それを見て、ロウワンたちも一斉に立ちあがった。メリッサとハーミドはビーブと野伏が見ているのと同じ方向を見ていたが、ロウワンと行者はビーブたちに背を向け、ちがう方向に目を向けていた。
ロウワンたちは知っていた。ビーブと野伏が急に立ちあがるからにはそれだけの理由があるということを。すなわち、なんらかの危険を察知したのだということ。そして、危険が迫っているなかでもっともしてはいけないことは全員で同じ方向に注目し、別方向への注意をおろそかにすること。
一方向に注意を向けさせ、別方向から襲う。
そんなことは、ちょっと知恵のまわる獣でもやる。別方向への警戒を怠るわけにはいかない。だからこそ、ロウワンと行者はビーブたちに背を向け、それぞれにちがう方向に視線を向けたのだ。
ビーブと野伏が視線を向ける先。そこから、何体もの異形の怪物たちが走ってきていた。透明な白い結晶ではない。色をもち、動くことのできる存在。亡道の世界に冒されてはいても、それは確かにこの世界に生きる存在だった。
それが何体も、音を立てて走ってくる。
「あんなにたくさん……」
メリッサが思わず呟いた。その姿にはひどく懐かしさを感じた。心がホッとするような、そんな思いすらあった。ミルク色の靄を越えてパンゲア領に入って以来、こんなにも多くの色を見、こんなにも多くの音を聞き、こんなにも多くの動く存在を見るのははじめてだった。

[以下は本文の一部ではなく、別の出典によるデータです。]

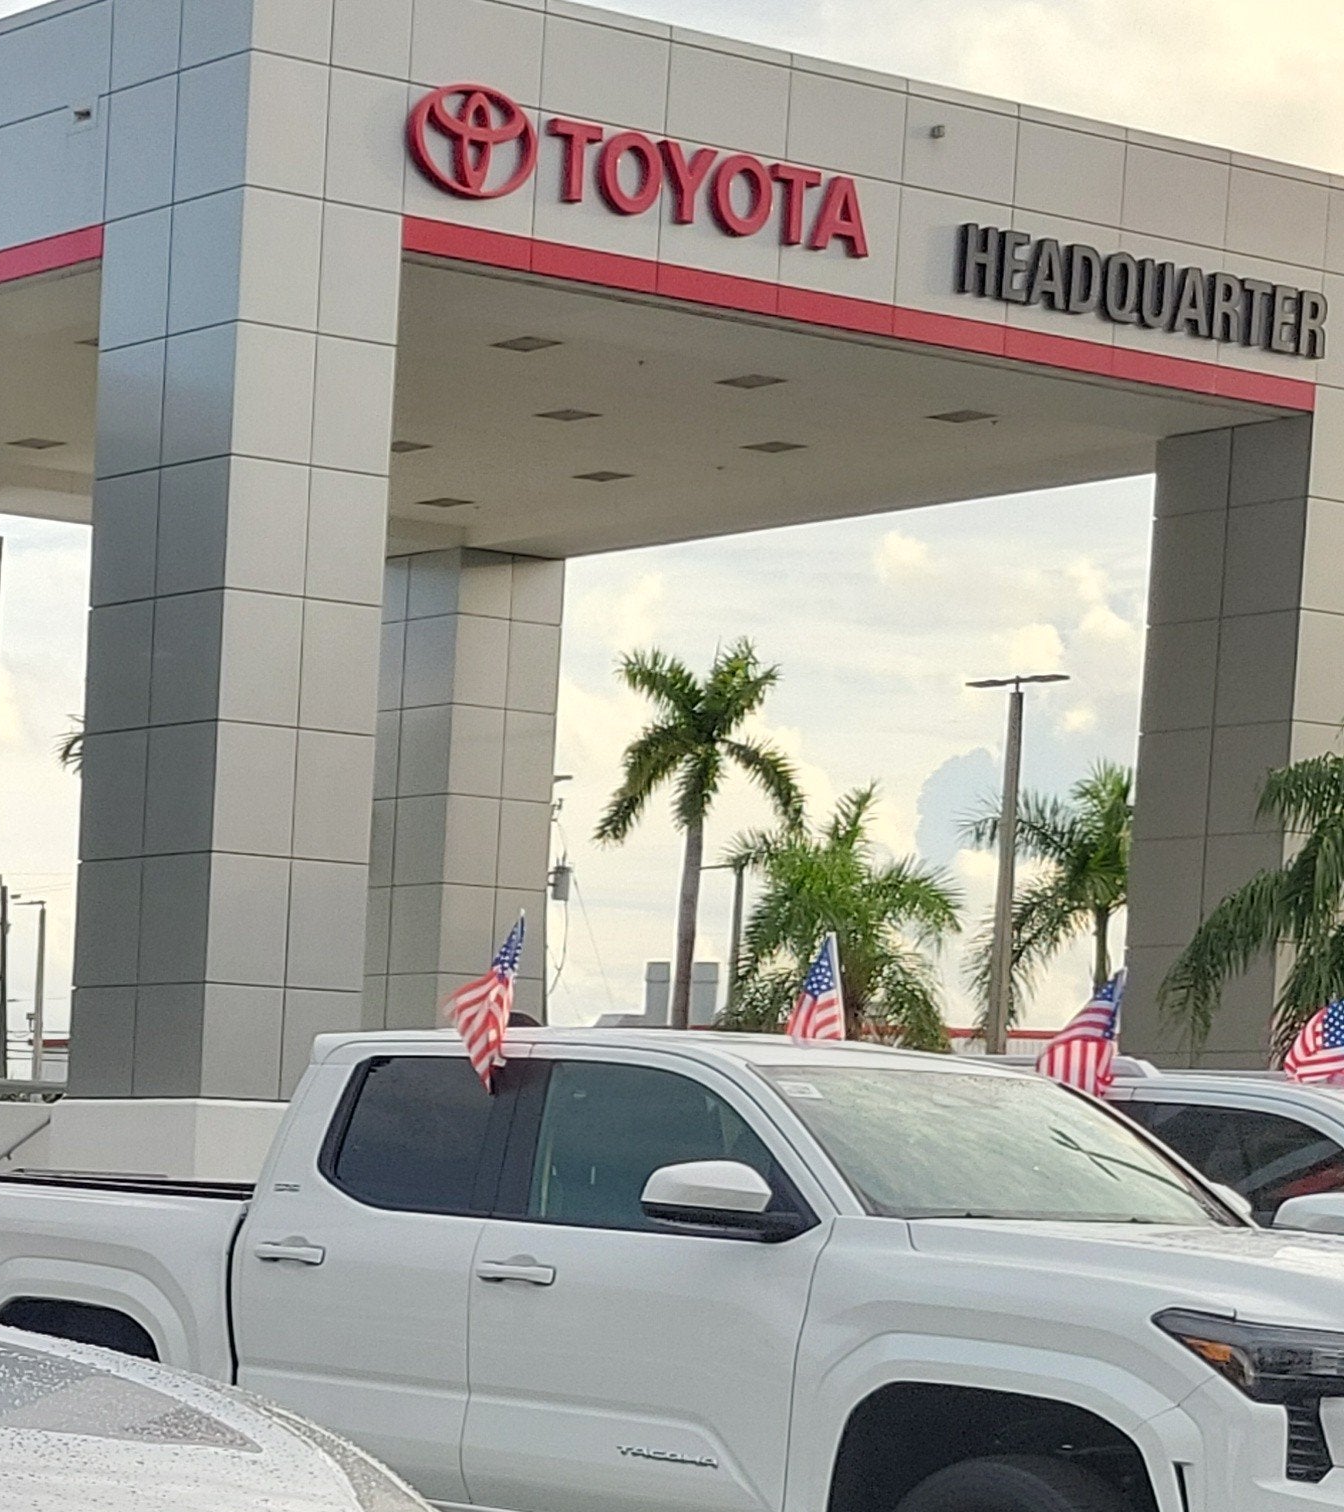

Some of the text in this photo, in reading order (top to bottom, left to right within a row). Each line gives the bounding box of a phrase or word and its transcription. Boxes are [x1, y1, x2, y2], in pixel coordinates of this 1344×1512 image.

――よかった。ここはまだ、わたしたちの生きる世界なんだわ。
そんな、安堵の思いが込みあげてくる光景だった。たとえそれが本来、この世界には存在しない異形の怪物たちであっても。
しかし、呑気にそんな感慨にふけっていられる状況ではなかった。異形の怪物たちが何体も、こちらを目指して走ってくるのだ。一心不乱に。その光景は小さい子どもでもあれば泣き出してしまいそうなものだった。
「襲ってくる気か?」
別方向から迫ってくるものはいない。そのことを確認してからようやく視線を向けたロウワンがそう呟いた。
野伏が首を横に振った。
「……いや。あれは、襲おうという動きではない。逃げているんだ」
「逃げている?」
「そうだ。あいつらはおれたちなど眼中にない。なにか、ずっと恐ろしいものから必死に逃げているんだ」
その野伏の言葉を裏付けるかのように、異形の怪物たちはロウワンたちなどかまわずにその脇を走り抜けていった。それこそ、無視されたことにちょっと傷ついてしまうぐらい完全に。
「キキィッ!」
――気をつけろ! とんでもなくヤバい気配がするぞ!
ビーブが手足をついて四つん這いとなり、前方をにらみつけながら叫んだ。牙をむき、カトラスを握った尻尾を天高く掲げている。ビーブ最大の臨戦態勢だった。
そして、『ソレ』はやってきた。
手にした剣で異形の怪物たちを断ち切りながら。
亡道の世界の気配を、その全身から噴きあげる鎧騎士。
亡道の騎士。
「さがれ!」
野伏がそう叫んだのは、亡道の騎士が剣を手に襲いかかってきたのとほとんど同時だった。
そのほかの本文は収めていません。